Google states that its data centers are twice as energy efficient as the average enterprise data center. This is partly due to breakthroughs in artificial intelligence (AI) chips.
In a blog post, Google went a little further into the milestone it recently achieved. In it, Senior Vice President Technical Infrastructure Urs Hölzle states, among other things, that the tech giant can now live seven times as much computing power at the same energy level, compared to five years ago. “The average annual power consumption efficiency worldwide reached a new low of 1.10, compared to an industrial average of 1.67,” says Hölzle.
Several innovations in the data center are driving this leap. For example, Google has a cooling system supported by AI, which achieves energy savings of 30 percent across all facilities. The Google-designed Tensor Processing Unit (TPU) chips for AI workloads also contribute to the savings. The processors could be 80 times more energy efficient compared to commercial chips.
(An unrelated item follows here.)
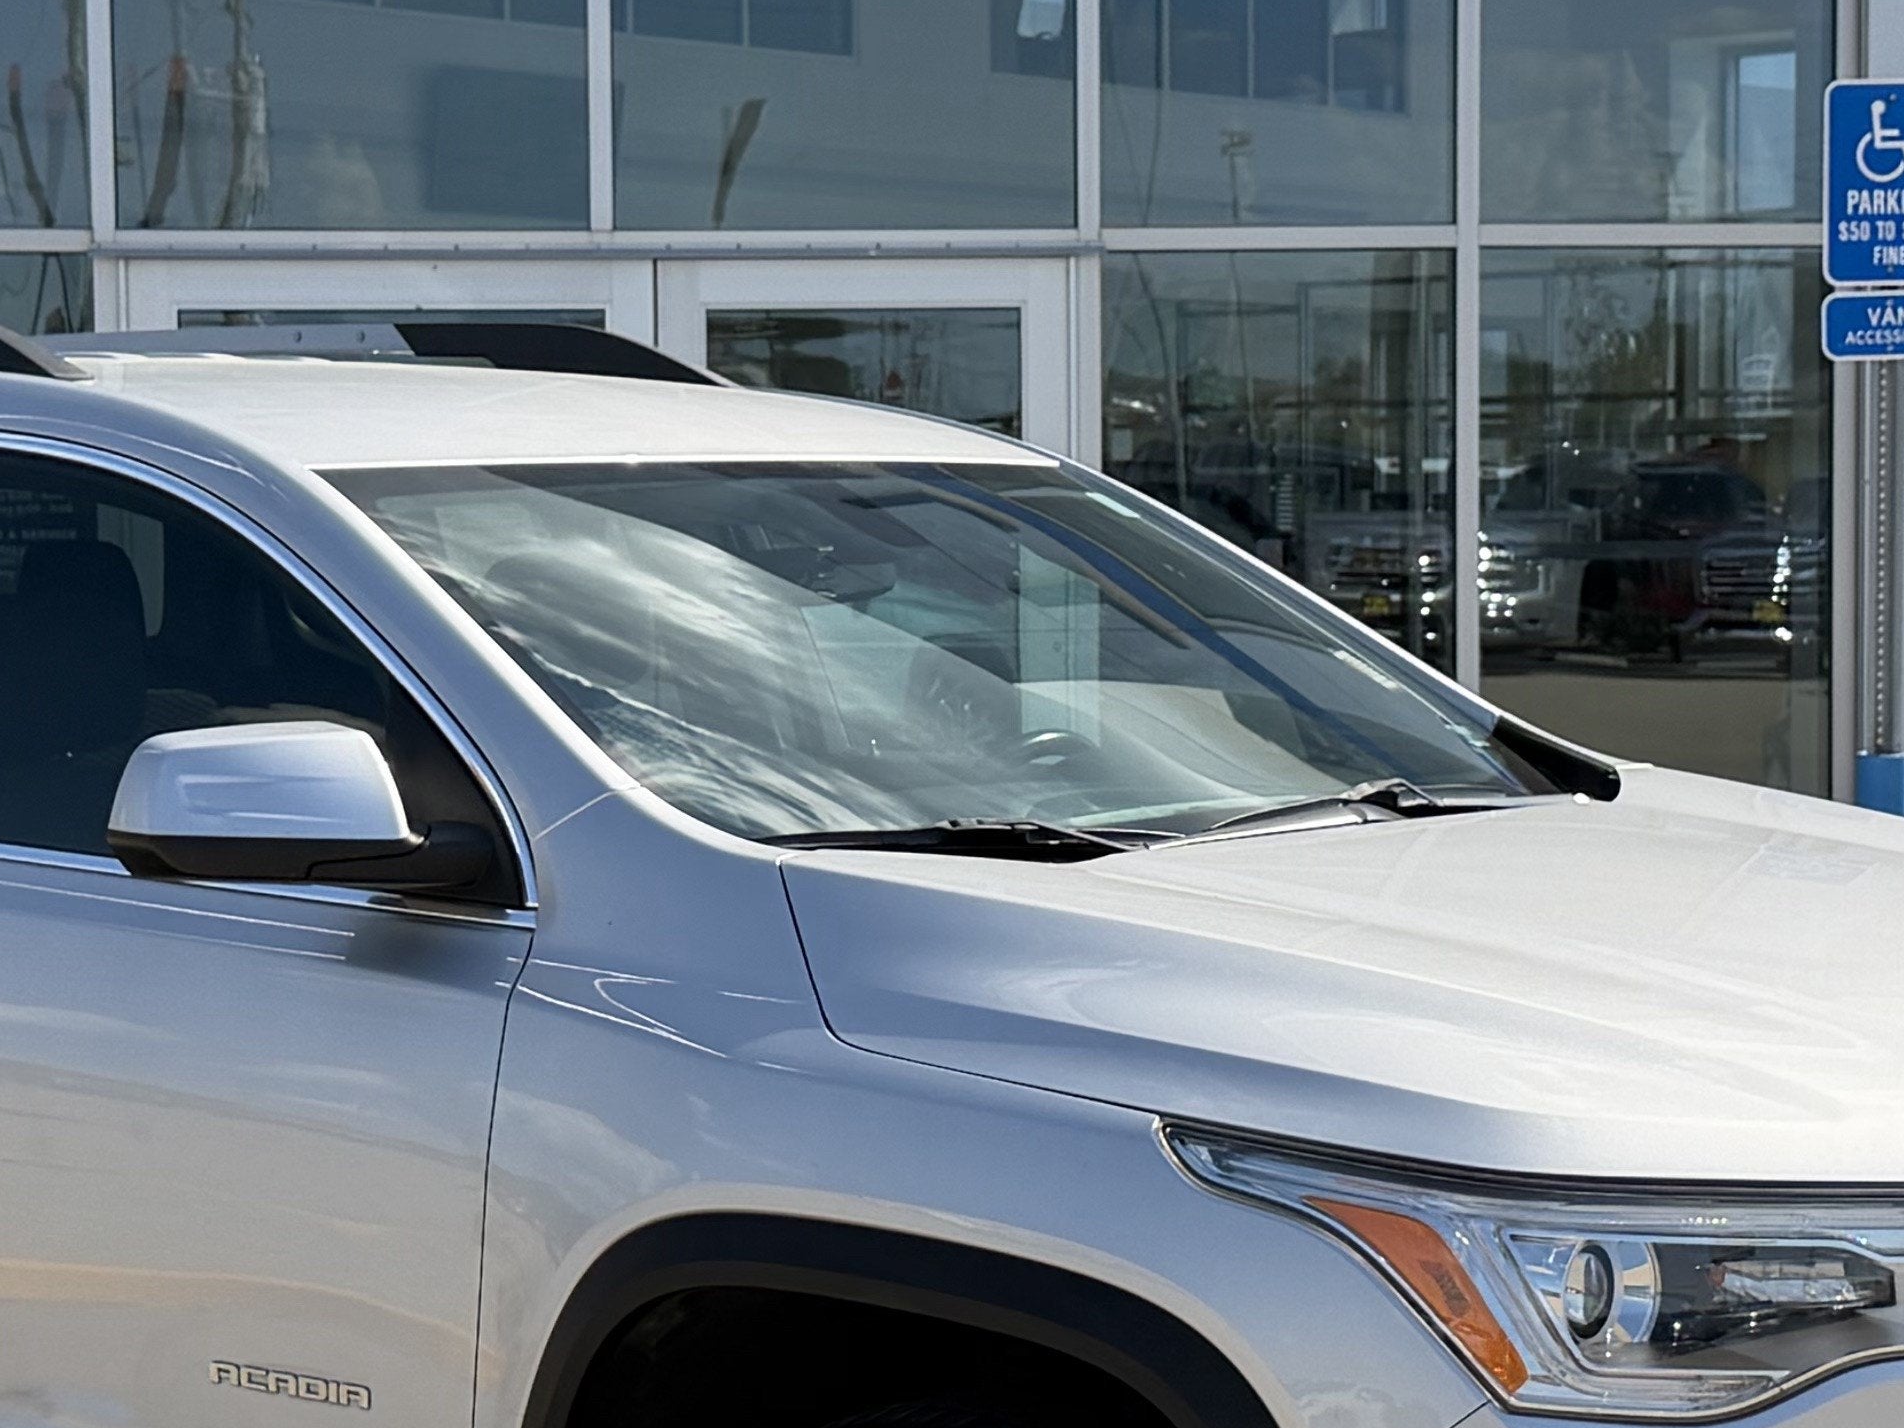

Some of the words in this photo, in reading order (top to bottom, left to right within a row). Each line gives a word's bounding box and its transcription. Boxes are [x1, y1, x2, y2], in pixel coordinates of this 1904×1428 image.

[1838, 220, 1871, 241] $50
[1875, 220, 1896, 241] TO
[208, 1360, 372, 1410] ACADIA
More compute, but the total energy consumption barely increases
Hölzle also points to research that shows that hyperscale data centers are much more energy efficient than small, local servers.
In addition, between 2010 and 2018, the amount of computing in the data centers increased by 550 percent, while the amount of energy consumed by data centers increased by six percent. In total, data centers would consume around one percent of the world’s electricity; in 2010 that was the same amount.
Google, like other tech giants, has been working on a greener image for some time now. Last year, the company announced dozens of new deals on renewable energy sources, resulting in a new $2 billion infrastructure.